At the line containing "this 2000×1125 image.", begin an exact copy, and continue through the last line of the entries below. Leave out any pictures.

━━━━━ DATASET EXCERPTS

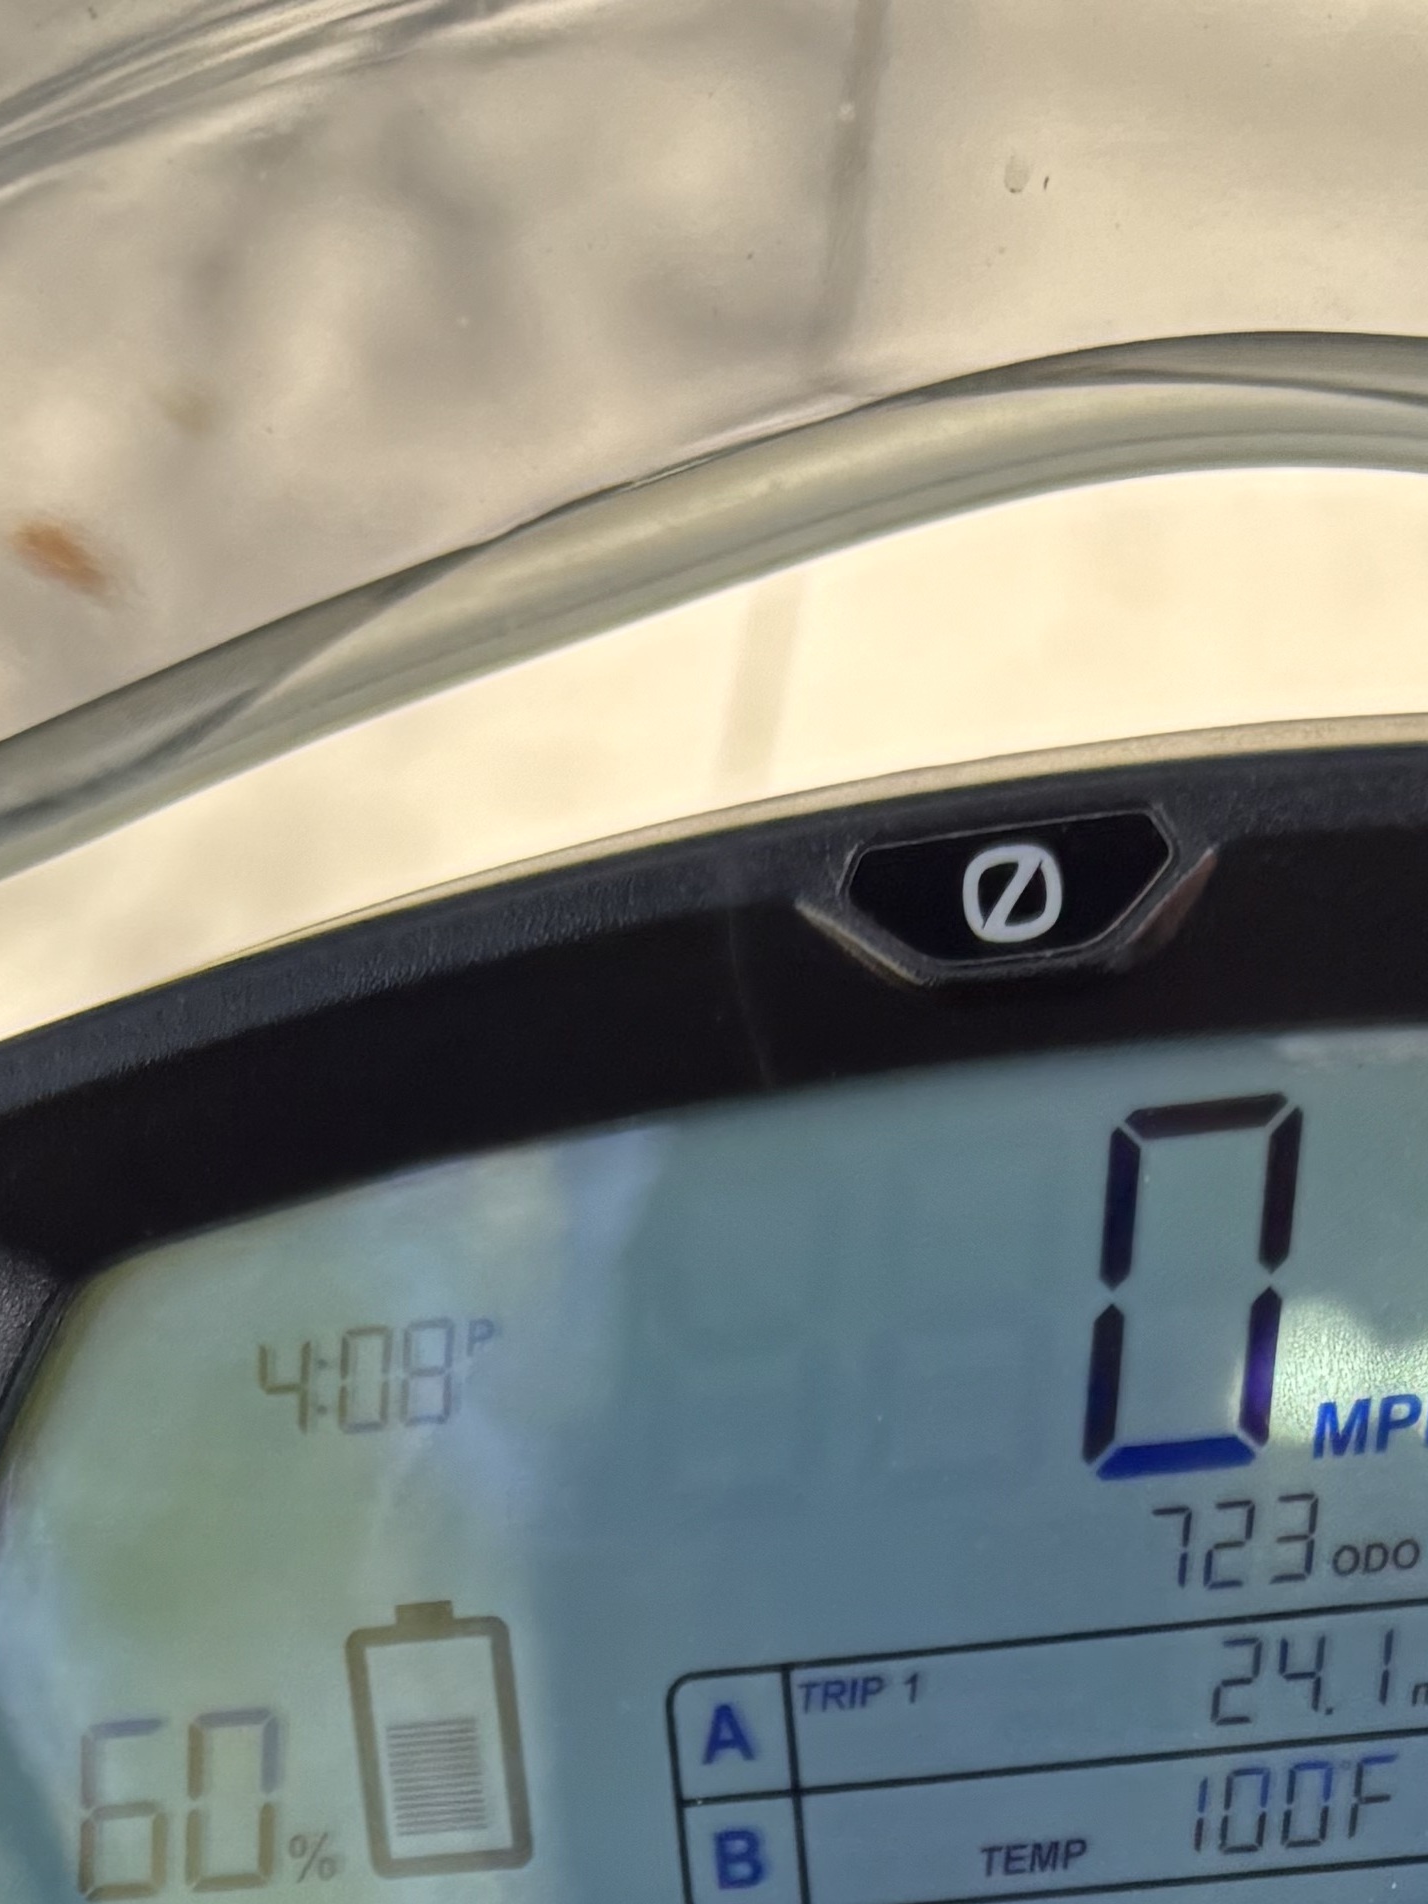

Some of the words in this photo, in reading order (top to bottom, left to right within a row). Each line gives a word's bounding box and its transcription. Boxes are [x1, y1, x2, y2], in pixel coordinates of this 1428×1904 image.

[1081, 1092, 1304, 1481] 0
[1151, 1492, 1320, 1591] 723
[1331, 1538, 1421, 1577] ODO
[798, 1676, 884, 1716] TRIP
[903, 1673, 923, 1705] 1
[1209, 1626, 1397, 1727] 24.1
[701, 1703, 756, 1767] A
[713, 1828, 767, 1892] B
[980, 1838, 1089, 1878] TEMP
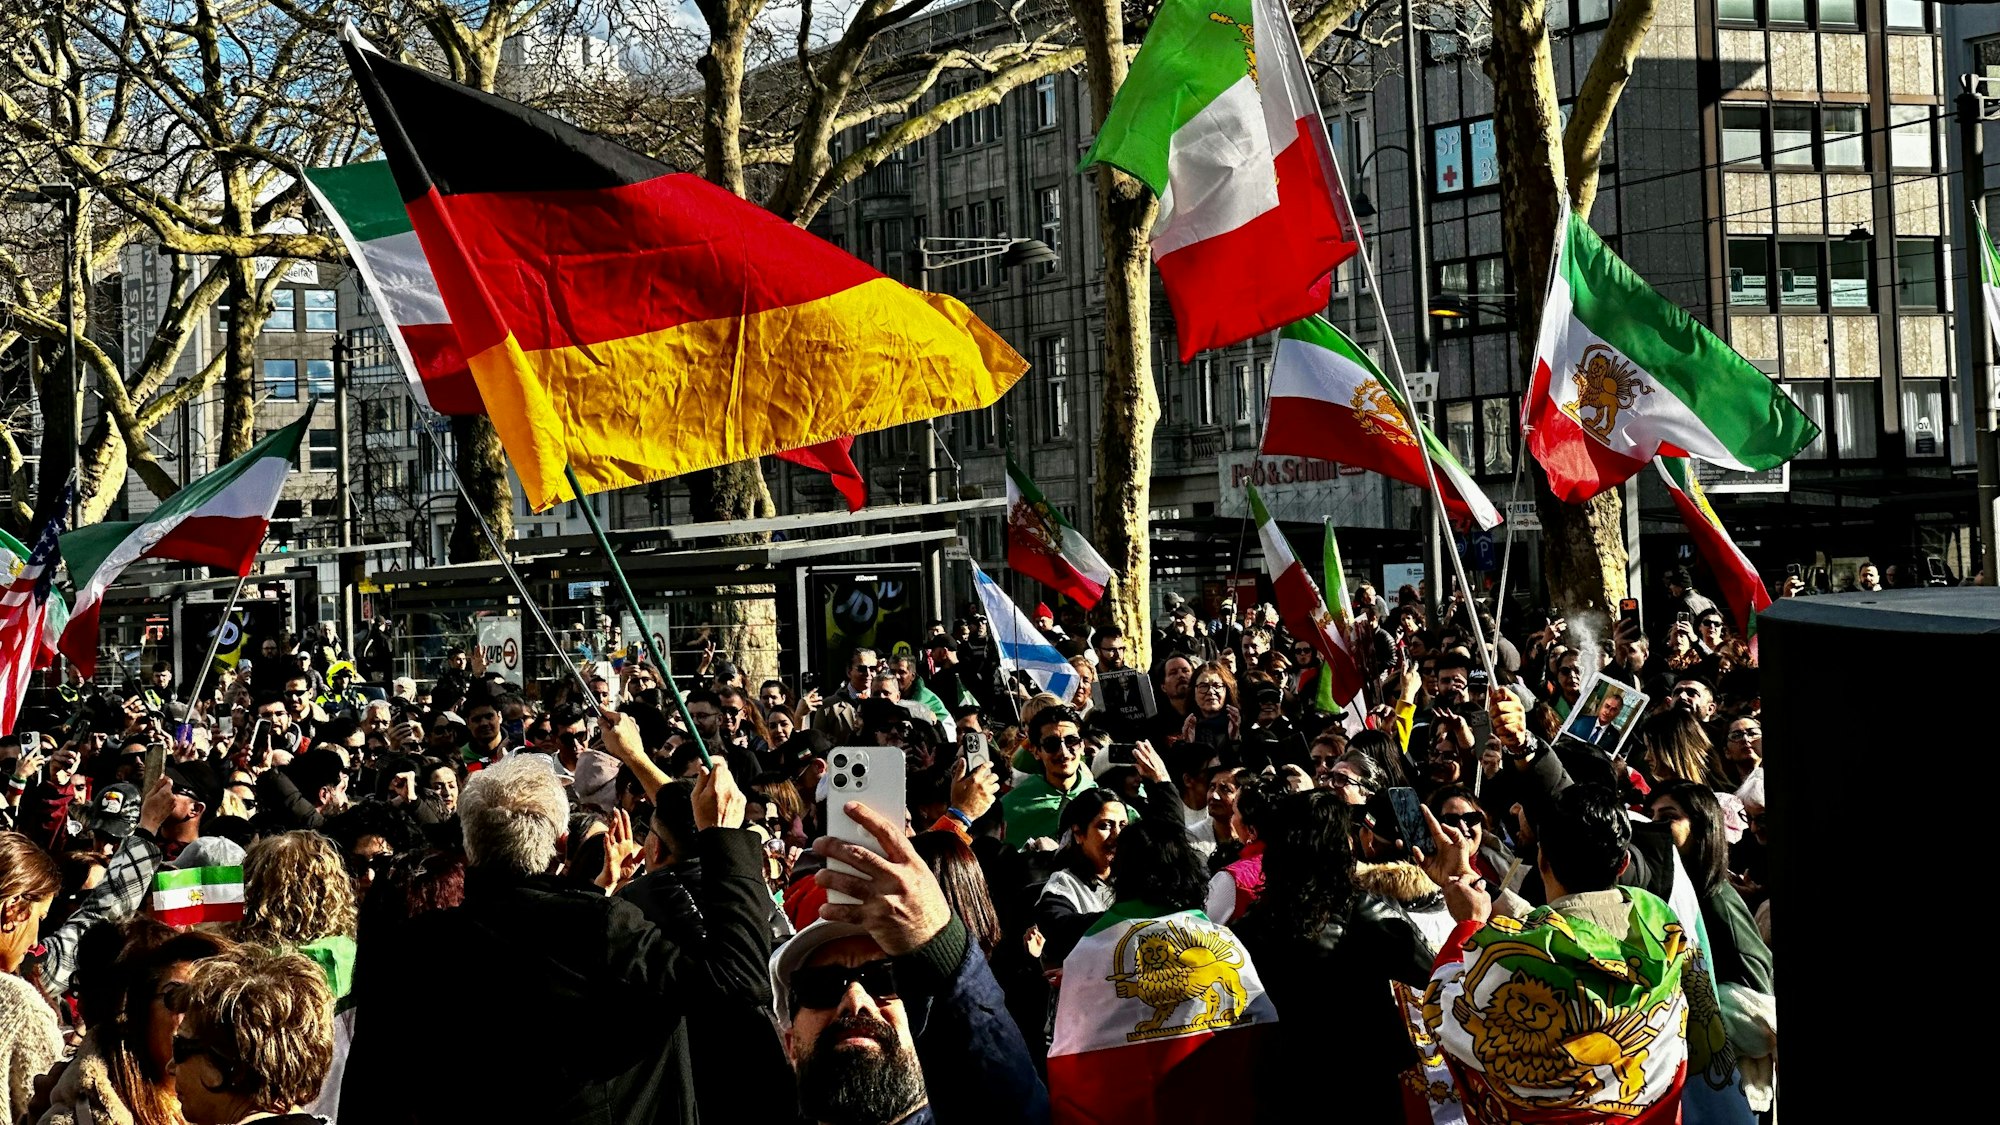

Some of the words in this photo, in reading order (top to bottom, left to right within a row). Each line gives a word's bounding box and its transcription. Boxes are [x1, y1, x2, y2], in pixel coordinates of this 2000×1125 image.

[129, 289, 141, 364] HAUS
[144, 249, 156, 338] ERNEN
[1480, 541, 1489, 558] P
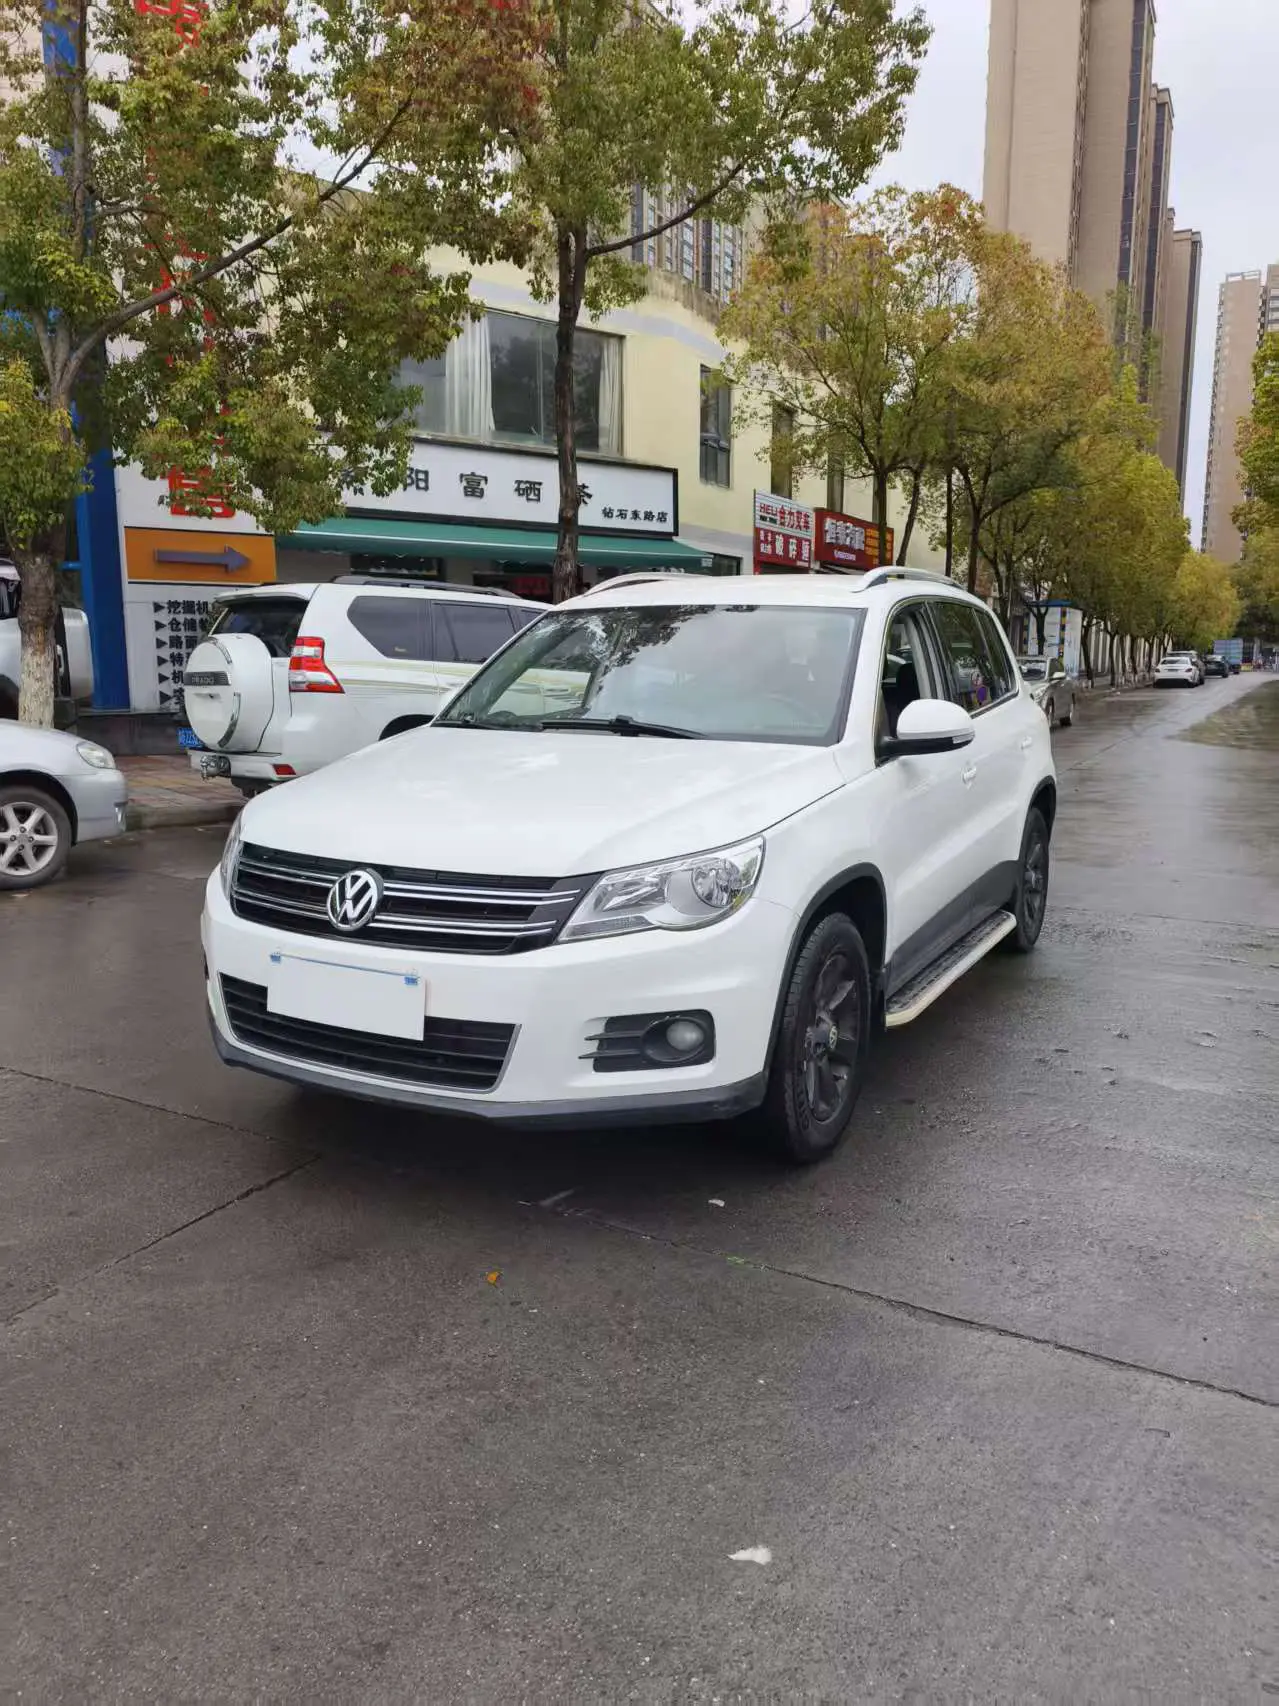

━━━━━━━━━━

**SOLUTION FOR THIS EXERCISE**.
Some of the words in this photo, in reading order (top to bottom, left to right within a row). Each line gives a word's bounding box and its transcription. Boxes are [x1, y1, x2, y2], in pixel coordinates of this 2000×1125 image.

[129, 289, 141, 364] HAUS
[144, 249, 156, 338] ERNEN
[1480, 541, 1489, 558] P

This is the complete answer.